Quando Zanchetti iniziò a fare il medico le malattie cardiovascolari, in primis ipertensione e infarto, ma pure le conseguenze a livello cerebrale come l’ictus, falcidiavano e rendevano disabili milioni di persone nel mondo, anche in giovane età. Per Auxologico ha svolto da par suo il ruolo di direttore scientifico per trentatré anni, dal 1985 a poche settimane fa. Professore ordinario di medicina interna e in seguito emerito nella sua Statale. Apprezzato a livello internazionale tanto che l’anno passato la Facultat de Medicina i Ciències de la Salut Campus Clínic di Barcellona gli dedicò una conferenza internazionale intitolata “Alberto Zanchetti the man, the scientist, the friend”.

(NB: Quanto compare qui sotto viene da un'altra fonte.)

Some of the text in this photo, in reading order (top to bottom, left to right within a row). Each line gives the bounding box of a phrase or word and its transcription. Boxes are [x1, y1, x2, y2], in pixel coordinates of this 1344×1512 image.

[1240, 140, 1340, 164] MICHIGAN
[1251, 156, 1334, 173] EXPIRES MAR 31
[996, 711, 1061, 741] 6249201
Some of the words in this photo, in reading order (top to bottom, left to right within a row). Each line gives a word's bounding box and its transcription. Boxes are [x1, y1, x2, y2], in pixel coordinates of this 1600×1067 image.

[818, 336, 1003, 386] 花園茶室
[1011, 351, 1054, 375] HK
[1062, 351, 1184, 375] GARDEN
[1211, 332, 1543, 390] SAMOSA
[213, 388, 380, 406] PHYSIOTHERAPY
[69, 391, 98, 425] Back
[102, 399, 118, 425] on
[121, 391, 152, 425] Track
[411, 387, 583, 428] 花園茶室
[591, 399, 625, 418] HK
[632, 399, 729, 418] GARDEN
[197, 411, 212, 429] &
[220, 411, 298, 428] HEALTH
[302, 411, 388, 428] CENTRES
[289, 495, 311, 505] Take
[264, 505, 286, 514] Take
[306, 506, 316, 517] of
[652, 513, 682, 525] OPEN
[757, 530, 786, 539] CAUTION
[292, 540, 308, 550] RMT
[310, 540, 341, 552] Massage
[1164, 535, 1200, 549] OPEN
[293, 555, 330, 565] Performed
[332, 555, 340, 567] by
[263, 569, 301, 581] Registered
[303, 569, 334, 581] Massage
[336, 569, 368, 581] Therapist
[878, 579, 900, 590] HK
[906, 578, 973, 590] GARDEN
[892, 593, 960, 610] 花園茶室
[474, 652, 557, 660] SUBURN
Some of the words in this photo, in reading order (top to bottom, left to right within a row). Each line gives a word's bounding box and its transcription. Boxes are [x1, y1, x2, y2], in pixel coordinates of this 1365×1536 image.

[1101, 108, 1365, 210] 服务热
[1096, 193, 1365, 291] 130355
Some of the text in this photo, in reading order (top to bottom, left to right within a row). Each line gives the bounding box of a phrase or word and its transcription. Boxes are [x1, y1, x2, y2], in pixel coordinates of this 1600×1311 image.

Alberto Zanchetti ci ha lasciato ieri, sabato 24 marzo 2018. Lo pensavamo immortale, avrebbe compiuto 92 anni quest’anno, lavorando con grande presenza e lucidità, muovendosi su e giù per il mondo come da sua natura, fino alla fine. E, alla fine, Alberto Zanchetti immortale lo è diventato davvero. Un ricordo sulla sua natura internazionale, quando cercando di ricostruire la sua biografia, tirò fuori una foto di un secolo fa con persone di varia etnia, una delle quali con un pappagallo sulla spalla, chiesi: “prof ma questi chi sono?”. “La mia famiglia brasiliana: mia madre era una insegnante brasiliana”.

Era internazionale, poliglotta, come lo erano stati il nonno e il padre. Da Parma, dove era nato il 27 luglio 1926, e dove aveva imparato ad amare l’opera lirica, divenendo amico di tanti cantanti lirici internazionali, Zanchetti approdò al mondo come apostolo della scienza medica. Da Parma alle università di Pisa, Siena e Milano, Alberto Zanchetti ha interpretato la grandezza e le possibilità della medicina.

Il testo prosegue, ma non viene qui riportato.